Et puis, Guillaume sera là. Et comme je n’ai pas encore pris de décision honnête envers moi-même concernant cette idée hallucinée de prendre l’avion direction Canada, je ne vois pas comment je pourrais la prendre pour lui. Il attend ma réponse, je le sais… Le pauvre. Est-ce que je peux vraiment laisser reposer la fin de cette histoire sur un désir plus ou moins hystérique de remonter le temps de cinq ans à cette après-midi d’automne où j’ai quitté mon premier amour dans le hall de Charles de Gaulle ?
A phrase interminable réflexion interminable.
La vérité, c’est que j’aime bien Guillaume.
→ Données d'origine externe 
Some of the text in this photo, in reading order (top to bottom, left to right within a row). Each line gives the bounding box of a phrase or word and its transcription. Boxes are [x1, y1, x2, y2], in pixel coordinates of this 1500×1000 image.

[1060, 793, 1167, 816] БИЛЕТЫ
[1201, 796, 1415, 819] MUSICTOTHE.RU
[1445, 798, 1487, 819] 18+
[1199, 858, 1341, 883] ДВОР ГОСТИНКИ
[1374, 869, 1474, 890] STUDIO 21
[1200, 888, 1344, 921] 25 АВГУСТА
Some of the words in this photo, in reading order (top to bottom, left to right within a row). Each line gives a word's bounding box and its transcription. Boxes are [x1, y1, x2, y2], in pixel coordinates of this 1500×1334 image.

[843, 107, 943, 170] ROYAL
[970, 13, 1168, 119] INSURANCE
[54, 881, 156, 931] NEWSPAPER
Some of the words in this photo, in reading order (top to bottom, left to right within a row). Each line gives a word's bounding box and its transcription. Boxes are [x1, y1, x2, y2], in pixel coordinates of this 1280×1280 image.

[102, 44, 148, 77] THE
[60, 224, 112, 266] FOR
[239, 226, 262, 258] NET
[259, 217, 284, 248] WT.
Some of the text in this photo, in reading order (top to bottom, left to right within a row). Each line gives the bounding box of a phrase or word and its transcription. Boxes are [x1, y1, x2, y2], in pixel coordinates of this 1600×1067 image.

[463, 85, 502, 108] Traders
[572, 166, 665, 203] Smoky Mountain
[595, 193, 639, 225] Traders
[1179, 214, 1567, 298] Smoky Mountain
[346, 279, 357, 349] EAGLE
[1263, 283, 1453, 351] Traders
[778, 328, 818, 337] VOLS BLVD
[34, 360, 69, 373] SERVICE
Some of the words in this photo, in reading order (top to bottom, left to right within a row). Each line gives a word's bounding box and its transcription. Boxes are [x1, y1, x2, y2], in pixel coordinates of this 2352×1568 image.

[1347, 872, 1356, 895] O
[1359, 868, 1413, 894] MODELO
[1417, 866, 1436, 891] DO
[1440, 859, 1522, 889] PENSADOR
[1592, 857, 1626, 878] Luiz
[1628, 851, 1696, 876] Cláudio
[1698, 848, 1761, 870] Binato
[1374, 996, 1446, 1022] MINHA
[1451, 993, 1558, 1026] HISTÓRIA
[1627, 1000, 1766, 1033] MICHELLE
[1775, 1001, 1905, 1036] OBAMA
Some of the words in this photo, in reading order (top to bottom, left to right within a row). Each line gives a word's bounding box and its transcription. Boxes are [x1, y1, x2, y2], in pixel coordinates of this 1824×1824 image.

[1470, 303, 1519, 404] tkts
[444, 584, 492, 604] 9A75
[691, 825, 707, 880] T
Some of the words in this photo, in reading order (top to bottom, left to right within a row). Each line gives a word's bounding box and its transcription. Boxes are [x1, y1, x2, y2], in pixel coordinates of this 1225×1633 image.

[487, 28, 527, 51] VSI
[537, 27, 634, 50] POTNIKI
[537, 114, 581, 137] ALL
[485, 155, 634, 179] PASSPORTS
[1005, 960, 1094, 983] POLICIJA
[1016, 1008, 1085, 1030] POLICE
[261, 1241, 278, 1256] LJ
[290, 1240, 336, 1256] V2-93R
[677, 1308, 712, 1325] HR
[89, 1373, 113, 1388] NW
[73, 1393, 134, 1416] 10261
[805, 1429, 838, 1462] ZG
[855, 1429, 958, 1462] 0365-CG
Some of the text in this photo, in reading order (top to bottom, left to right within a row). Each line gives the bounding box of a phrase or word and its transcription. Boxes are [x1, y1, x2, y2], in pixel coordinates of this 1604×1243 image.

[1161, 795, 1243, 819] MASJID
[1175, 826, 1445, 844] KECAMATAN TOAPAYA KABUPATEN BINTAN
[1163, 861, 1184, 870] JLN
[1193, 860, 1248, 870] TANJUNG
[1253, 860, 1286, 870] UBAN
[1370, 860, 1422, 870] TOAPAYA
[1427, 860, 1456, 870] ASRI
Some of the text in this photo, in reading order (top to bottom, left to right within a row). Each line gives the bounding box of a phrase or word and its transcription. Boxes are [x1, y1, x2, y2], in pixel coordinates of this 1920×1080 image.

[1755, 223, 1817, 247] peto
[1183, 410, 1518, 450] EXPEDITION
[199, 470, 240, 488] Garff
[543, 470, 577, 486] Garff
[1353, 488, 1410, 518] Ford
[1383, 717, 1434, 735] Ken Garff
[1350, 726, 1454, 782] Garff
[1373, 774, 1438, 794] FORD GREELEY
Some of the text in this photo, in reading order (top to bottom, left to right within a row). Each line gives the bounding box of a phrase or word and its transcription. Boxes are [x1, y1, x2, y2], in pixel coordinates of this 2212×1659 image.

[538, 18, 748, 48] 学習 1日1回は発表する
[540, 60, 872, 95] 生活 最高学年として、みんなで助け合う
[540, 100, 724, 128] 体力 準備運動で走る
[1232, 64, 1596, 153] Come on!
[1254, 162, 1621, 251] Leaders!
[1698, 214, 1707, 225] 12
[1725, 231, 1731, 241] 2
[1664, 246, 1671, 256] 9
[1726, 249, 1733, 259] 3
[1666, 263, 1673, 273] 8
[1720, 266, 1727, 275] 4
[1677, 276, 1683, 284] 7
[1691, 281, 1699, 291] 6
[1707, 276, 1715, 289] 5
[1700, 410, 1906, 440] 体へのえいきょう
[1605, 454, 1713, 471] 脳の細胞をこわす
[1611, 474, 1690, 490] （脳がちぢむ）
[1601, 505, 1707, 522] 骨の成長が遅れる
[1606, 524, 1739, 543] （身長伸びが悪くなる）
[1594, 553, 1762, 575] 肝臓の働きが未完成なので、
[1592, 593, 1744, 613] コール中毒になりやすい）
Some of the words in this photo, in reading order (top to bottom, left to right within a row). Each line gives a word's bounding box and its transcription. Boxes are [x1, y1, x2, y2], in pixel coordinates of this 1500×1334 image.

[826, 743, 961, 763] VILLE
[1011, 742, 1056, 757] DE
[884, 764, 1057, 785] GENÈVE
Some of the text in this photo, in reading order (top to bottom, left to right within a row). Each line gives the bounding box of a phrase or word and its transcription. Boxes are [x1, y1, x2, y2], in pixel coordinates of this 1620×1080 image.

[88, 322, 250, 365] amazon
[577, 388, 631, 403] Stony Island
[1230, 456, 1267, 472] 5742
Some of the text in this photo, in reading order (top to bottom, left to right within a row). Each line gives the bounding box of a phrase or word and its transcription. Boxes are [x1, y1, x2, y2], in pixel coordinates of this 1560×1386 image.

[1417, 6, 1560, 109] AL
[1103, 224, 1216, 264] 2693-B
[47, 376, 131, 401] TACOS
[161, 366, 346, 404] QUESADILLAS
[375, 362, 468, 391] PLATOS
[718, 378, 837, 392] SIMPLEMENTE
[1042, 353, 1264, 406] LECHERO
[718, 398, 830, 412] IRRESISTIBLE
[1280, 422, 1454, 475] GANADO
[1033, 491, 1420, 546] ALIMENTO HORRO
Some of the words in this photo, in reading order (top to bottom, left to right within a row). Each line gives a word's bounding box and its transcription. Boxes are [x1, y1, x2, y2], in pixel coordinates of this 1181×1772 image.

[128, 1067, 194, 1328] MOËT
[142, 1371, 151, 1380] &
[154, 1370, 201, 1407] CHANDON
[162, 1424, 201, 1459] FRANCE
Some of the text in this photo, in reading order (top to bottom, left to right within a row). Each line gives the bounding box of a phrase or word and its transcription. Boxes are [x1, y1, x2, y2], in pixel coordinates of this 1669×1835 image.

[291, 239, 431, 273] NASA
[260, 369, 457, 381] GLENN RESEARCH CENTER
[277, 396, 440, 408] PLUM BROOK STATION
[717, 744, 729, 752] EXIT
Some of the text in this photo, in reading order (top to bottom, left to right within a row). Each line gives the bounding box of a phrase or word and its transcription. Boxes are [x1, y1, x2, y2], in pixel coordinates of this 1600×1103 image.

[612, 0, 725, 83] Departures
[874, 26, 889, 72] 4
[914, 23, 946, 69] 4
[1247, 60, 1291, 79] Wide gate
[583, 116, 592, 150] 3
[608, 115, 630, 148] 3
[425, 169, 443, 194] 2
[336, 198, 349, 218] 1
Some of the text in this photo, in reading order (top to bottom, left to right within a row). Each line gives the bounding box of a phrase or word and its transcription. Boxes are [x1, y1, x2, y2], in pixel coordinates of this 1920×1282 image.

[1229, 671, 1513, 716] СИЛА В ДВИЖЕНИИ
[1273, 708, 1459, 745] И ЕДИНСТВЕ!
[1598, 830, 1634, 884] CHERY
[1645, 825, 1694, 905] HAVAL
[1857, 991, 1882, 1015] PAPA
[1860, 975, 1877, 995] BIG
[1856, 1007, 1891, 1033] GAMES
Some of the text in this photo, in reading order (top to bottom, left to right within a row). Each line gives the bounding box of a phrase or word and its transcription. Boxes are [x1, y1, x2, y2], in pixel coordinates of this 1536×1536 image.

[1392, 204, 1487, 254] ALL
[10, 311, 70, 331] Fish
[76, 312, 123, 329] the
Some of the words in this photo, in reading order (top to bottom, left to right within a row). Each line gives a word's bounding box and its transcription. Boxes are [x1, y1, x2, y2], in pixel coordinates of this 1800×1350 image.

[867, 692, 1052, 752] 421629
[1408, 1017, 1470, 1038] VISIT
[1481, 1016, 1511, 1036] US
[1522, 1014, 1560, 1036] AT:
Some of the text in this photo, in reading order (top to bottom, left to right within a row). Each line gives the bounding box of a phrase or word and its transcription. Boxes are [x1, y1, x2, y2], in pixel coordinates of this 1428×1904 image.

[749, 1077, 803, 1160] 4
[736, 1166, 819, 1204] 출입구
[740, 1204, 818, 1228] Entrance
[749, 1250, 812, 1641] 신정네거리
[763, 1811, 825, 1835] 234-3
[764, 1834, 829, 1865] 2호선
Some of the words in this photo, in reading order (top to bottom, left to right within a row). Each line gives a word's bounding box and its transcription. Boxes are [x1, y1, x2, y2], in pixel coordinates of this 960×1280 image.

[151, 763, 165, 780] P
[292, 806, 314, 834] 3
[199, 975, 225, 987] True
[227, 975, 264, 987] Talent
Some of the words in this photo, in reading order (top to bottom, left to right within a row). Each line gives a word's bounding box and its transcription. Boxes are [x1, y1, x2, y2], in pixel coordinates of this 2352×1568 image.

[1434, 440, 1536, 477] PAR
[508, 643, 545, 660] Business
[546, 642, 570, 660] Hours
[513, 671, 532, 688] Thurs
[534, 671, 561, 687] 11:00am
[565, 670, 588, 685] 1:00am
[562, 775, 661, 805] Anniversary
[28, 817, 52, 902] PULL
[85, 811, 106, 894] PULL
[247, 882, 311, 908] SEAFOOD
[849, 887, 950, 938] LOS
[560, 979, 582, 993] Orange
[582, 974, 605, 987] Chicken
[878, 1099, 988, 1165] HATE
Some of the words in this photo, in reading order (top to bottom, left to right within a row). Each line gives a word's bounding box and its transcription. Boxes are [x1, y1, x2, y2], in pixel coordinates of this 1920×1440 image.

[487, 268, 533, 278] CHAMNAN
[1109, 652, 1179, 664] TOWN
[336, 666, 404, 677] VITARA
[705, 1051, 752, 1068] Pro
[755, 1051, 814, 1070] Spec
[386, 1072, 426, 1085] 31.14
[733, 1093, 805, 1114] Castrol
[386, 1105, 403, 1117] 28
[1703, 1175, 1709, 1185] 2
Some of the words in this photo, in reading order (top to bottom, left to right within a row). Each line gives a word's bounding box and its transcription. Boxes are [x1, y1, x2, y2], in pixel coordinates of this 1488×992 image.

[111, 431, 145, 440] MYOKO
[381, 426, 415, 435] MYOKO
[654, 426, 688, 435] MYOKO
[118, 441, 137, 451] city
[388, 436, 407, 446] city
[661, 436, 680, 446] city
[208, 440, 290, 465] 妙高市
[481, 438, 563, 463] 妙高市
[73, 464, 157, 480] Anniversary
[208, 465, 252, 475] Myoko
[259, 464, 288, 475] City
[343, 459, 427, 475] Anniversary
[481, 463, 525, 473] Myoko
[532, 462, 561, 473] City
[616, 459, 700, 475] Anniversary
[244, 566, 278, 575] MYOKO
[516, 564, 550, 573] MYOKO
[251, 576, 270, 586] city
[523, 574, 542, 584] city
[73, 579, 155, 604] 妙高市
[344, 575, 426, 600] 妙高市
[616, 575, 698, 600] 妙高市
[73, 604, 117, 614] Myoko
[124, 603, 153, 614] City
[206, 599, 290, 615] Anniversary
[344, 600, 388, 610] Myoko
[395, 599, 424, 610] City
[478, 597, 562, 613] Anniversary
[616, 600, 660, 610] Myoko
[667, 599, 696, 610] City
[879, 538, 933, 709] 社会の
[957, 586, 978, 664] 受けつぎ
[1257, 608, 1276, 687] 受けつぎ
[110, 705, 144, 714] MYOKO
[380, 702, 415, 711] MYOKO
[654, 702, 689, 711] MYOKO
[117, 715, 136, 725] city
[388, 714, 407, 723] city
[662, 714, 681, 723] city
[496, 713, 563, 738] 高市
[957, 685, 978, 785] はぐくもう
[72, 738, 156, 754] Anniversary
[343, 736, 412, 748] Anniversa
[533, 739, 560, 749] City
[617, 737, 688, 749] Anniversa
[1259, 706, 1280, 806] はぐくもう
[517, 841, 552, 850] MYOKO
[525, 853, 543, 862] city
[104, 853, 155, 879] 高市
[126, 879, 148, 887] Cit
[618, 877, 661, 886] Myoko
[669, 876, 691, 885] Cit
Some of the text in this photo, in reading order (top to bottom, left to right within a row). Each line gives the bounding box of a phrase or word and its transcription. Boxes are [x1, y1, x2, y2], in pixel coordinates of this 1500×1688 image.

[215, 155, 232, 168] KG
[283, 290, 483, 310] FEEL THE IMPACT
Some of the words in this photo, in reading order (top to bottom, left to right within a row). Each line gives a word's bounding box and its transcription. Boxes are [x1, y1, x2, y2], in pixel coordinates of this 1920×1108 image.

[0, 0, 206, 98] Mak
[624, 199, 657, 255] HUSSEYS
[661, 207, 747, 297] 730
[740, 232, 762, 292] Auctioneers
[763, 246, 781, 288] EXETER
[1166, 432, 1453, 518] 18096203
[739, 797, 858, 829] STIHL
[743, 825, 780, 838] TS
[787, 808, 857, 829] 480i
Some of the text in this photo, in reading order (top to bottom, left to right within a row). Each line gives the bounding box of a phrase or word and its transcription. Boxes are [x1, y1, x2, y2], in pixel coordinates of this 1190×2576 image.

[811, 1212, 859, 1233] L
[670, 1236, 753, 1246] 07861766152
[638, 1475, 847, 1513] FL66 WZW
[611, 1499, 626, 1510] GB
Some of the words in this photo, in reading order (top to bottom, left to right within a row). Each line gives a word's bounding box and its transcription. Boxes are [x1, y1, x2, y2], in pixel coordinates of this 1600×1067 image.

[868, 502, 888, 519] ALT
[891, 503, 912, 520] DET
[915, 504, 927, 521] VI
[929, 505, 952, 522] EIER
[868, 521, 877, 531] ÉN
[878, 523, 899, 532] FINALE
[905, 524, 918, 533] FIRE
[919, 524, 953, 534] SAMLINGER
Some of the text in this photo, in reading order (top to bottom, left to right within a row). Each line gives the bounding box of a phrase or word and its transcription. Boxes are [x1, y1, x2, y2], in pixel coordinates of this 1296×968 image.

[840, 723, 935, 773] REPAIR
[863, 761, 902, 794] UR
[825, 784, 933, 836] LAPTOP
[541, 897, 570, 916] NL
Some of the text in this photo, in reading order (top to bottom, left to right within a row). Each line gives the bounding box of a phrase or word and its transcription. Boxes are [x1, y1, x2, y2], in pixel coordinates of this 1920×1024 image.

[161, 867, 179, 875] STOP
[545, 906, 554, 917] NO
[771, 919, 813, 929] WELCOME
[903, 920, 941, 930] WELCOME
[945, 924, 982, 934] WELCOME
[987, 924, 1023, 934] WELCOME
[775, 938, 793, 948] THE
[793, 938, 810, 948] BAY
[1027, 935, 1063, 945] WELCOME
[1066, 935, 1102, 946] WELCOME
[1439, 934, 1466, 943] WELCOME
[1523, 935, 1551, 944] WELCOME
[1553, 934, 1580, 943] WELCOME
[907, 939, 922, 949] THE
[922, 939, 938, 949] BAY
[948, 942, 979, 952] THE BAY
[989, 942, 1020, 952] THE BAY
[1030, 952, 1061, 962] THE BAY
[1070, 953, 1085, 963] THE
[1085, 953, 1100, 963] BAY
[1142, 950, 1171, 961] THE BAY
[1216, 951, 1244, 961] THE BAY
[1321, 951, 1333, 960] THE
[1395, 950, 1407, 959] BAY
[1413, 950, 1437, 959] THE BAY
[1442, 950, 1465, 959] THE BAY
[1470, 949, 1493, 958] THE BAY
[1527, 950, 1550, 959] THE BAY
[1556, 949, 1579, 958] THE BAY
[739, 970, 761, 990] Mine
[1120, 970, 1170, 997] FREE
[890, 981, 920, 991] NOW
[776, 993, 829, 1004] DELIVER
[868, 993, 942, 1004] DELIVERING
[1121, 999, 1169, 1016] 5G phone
C’est le petit copain « pratique », même promo, mêmes amis. Même routine… Soyons un peu sincère deux minutes, il me gonfle, et je le quitterai quoi qu’il arrive, que ce soit demain pour prendre l’avion, ou dans deux semaines même si je reste en France.
Ouf, ça fait du bien de prendre de saines décisions. Des décisions d’adulte. Et qu’est-ce que c’est, comme décision, de tout plaquer pour partir prendre des photos sur un autre continent (et par la même occasion traquer son amour de lycée dans les rues de Montréal) ? Sage décision d’adulte qui a économisé toute sa vie pour faire ce voyage et mérite bien un petit break, ou délire post-adolescent de midinette pas tout à fait revenue de ses histoires Disney préférées ?
Discussion avec Mathilde en ce moment :


Et là, je devrais répondre quoi ?....
Que ce soir je vais prendre une décision d’adulte et rompre avec Guillaume ?
Comme ça j’aurai le champ libre pour prendre une autre décision, beaucoup moins raisonnable ?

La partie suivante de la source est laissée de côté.